Spatial localization data:
-------

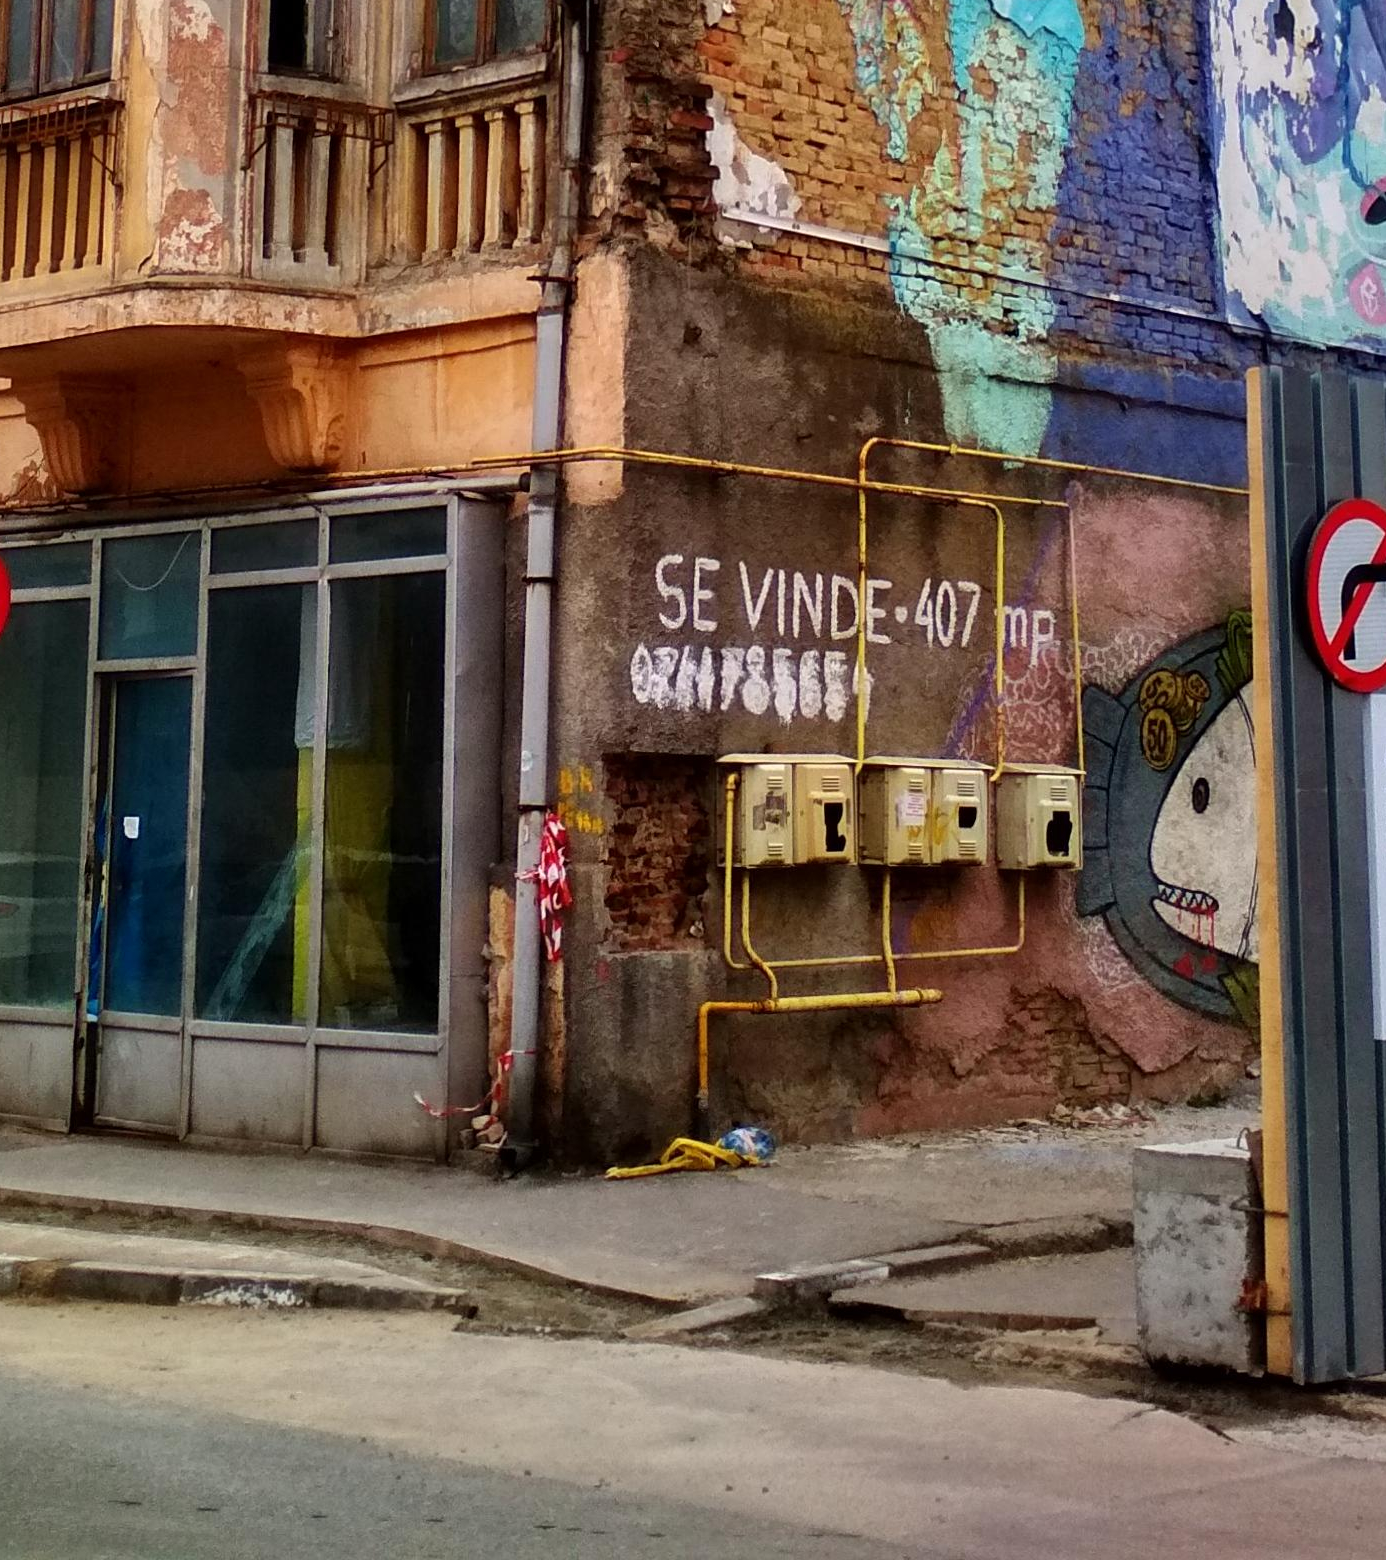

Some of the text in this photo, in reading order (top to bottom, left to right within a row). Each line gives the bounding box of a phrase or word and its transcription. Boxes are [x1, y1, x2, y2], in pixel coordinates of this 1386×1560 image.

[655, 554, 721, 632] SE
[738, 560, 893, 644] VINDE
[914, 577, 981, 648] 407
[1147, 717, 1168, 754] 50

-------

Your goal: Could you output the full set of entries exactly, skipping every picture?

Output for this exercise:
Some of the text in this photo, in reading order (top to bottom, left to right within a row). Each line gives the bounding box of a phrase or word and its transcription. Boxes are [x1, y1, x2, y2], in pixel coordinates of this 1386×1560 image.

[655, 554, 721, 632] SE
[738, 560, 893, 644] VINDE
[914, 577, 981, 648] 407
[1147, 717, 1168, 754] 50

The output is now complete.